3. The apparatus of claim 1, further comprising at least one storage unit to store the power/performance profile of the first core and the power/performance profile of the second core.
4. The apparatus of claim 1, wherein the user preferences include a voltage and speed setting of the first core to be set by a user.
5. The apparatus of claim 1, wherein the core assignment optimizer to select the first core if the second core has a higher usage level than the first core.
6. The apparatus of claim 1, wherein the first core has higher performance characteristics than the second core and wherein the second core has lower power usage characteristics than the first core.
7. The apparatus of claim 1, wherein the core assignment optimizer to exclude the user preferences if the user preferences are outside static system parameters.
8. A system comprising:
an operating system to receive user preferences, the operating system including a processor capabilities manager;
a first core;
a second core, wherein a power/performance profile of the first core is different from a power/performance profile of the second core; and
a core assignment optimizer to communicate with the processor capabilities manager to select one of the first core and the second core to perform a workload, wherein the core assignment optimizer to select the one of the first core and the second core based on one or more of the user preferences, the power/performance profile of the first core, the power/performance profile of the second core, a system power budget, system thermal characteristics, and usage data of the first core and the second core.
9. The system of claim 8, the core assignment optimizer further to perform heuristic profiling of the first core and the second core.
10. The system of claim 8, further comprising at least one storage unit to store the power/performance profile of the first core and the power/performance profile of the second core.
11. The system of claim 8, wherein the user preferences include a voltage and speed setting of the first core to be set by a user.
12. The system of claim 8, wherein the core assignment optimizer to select the first core if the second core has a higher usage level than the first core.
13. The system of claim 8, wherein the first core has higher performance characteristics than the second core and wherein the second core has lower power usage characteristics that the first core.
14. The system of claim 8, wherein the core assignment optimizer to exclude the user preferences if the user preferences are outside static system parameters.
15. A method comprising:
determining and communicating system capabilities;
obtaining user preferences;
performing static core profiling; and
assigning a workload to a first core, wherein the assigning is based on the user preferences and results of the static core profiling.
16. The method of claim 15, wherein the determining and communicating system capabilities includes determining system configuration including a total number of cores and the type of cores, and storing the system configuration.
17. The method of claim 15, wherein the user preferences include a voltage and speed setting of the first core to be set by a user.

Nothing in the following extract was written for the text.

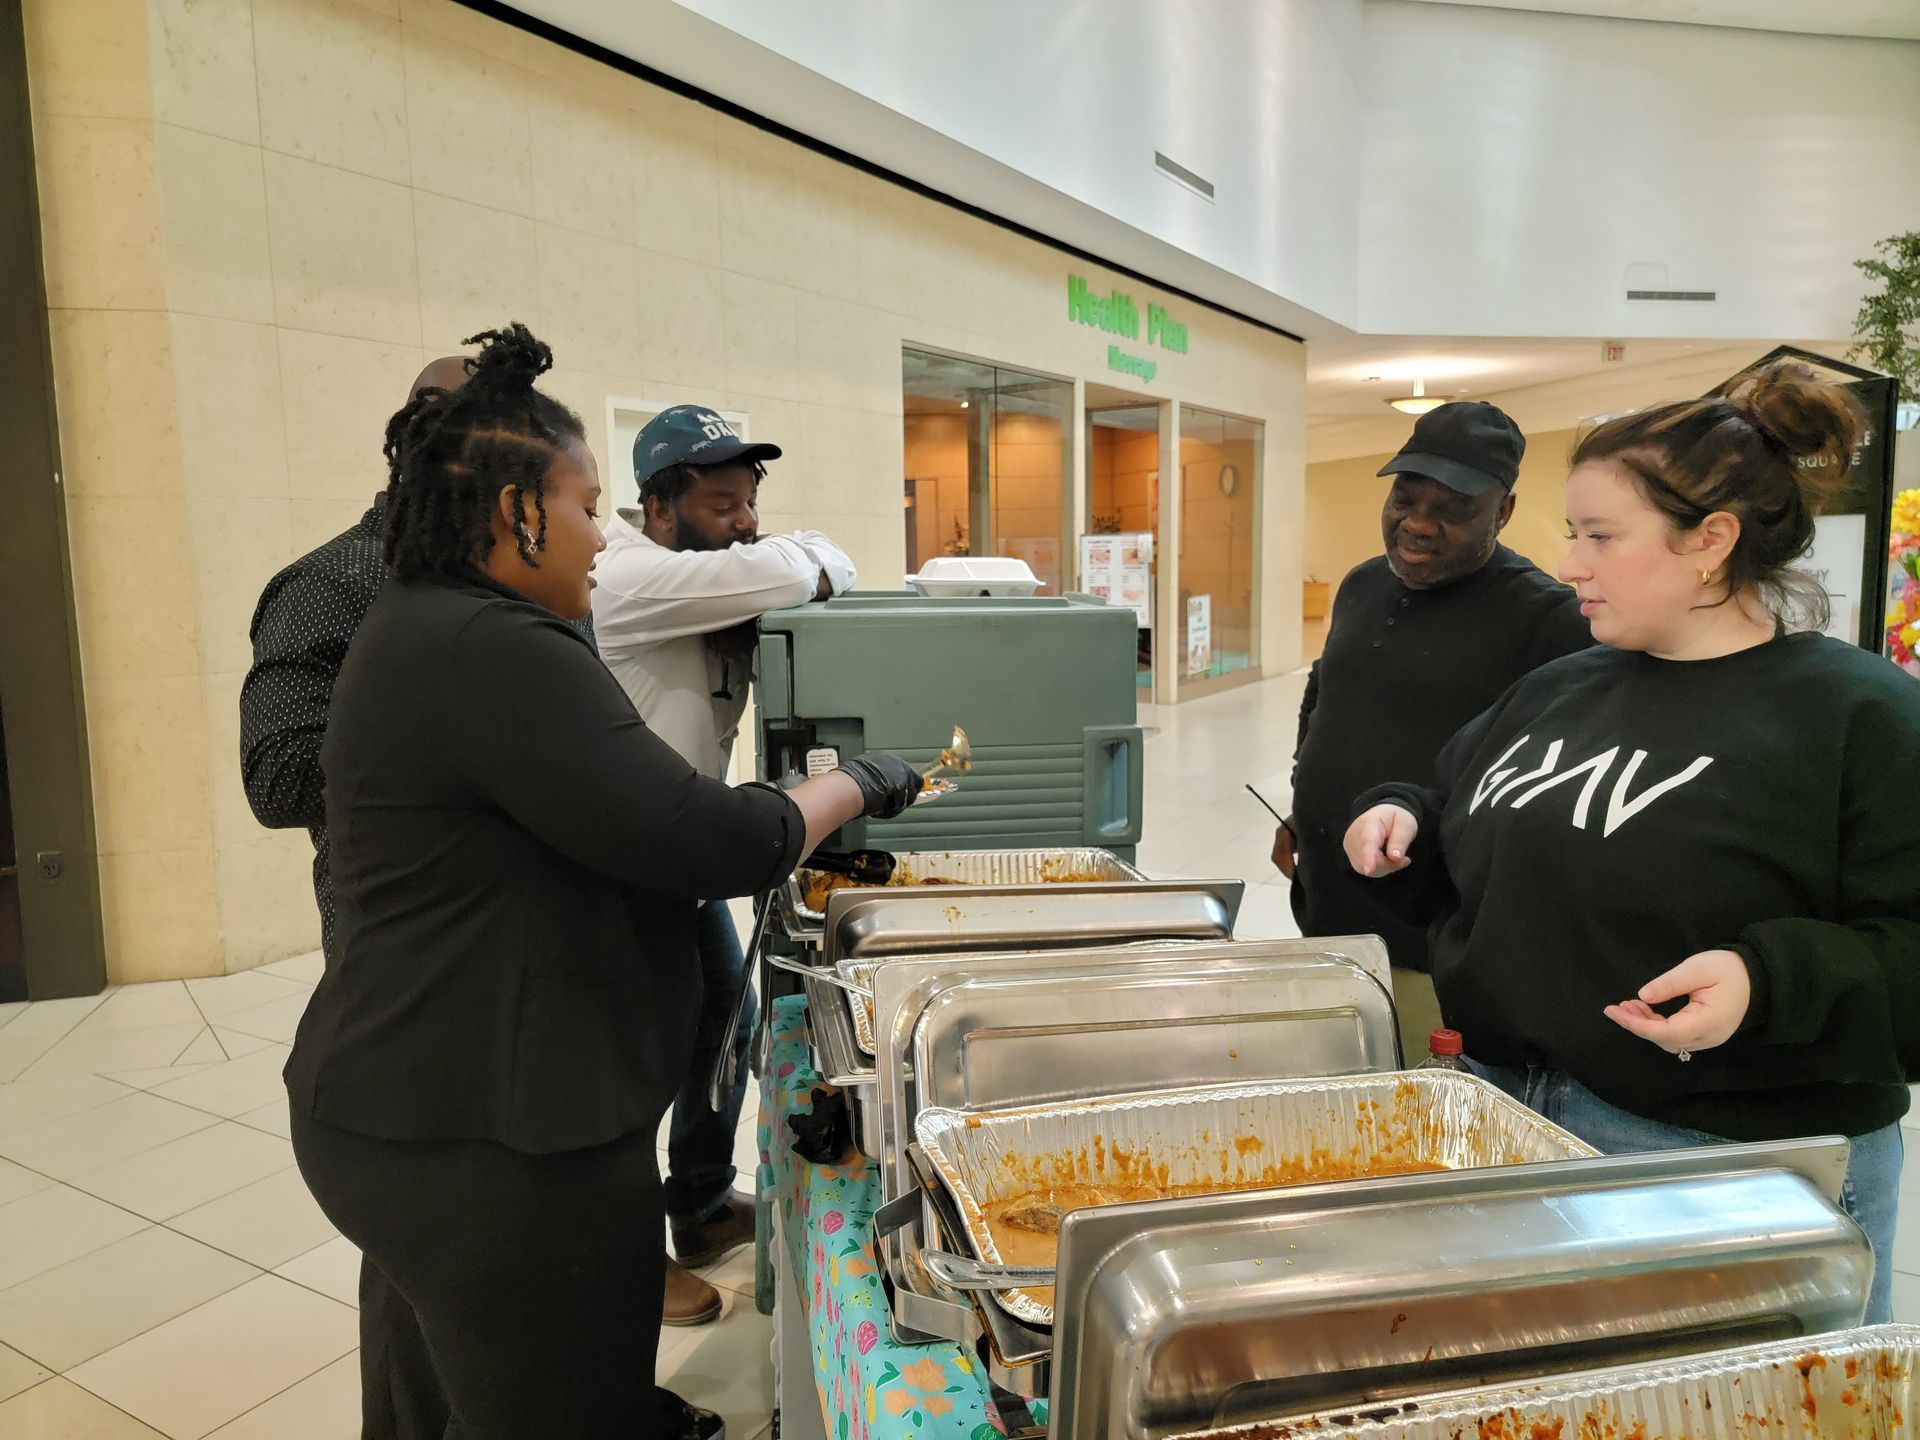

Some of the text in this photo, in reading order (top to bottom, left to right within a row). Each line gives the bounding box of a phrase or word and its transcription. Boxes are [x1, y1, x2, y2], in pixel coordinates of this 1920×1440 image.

18. The method of claim 15, wherein the performing the static core profiling includes determining a power and performance profile of the first core based on varying workloads and operating conditions.
19. The method of claim 15, further comprising monitoring system conditions; performing heuristic core profiling based on the system conditions; and reassigning the workload to a second core, wherein the reassigning is based on the user preferences and results of the heuristic core profiling.
20. The method of claim 19, wherein the system conditions monitored include one of current thermal conditions, current resource availability, and usage statistics of the first core and the second core.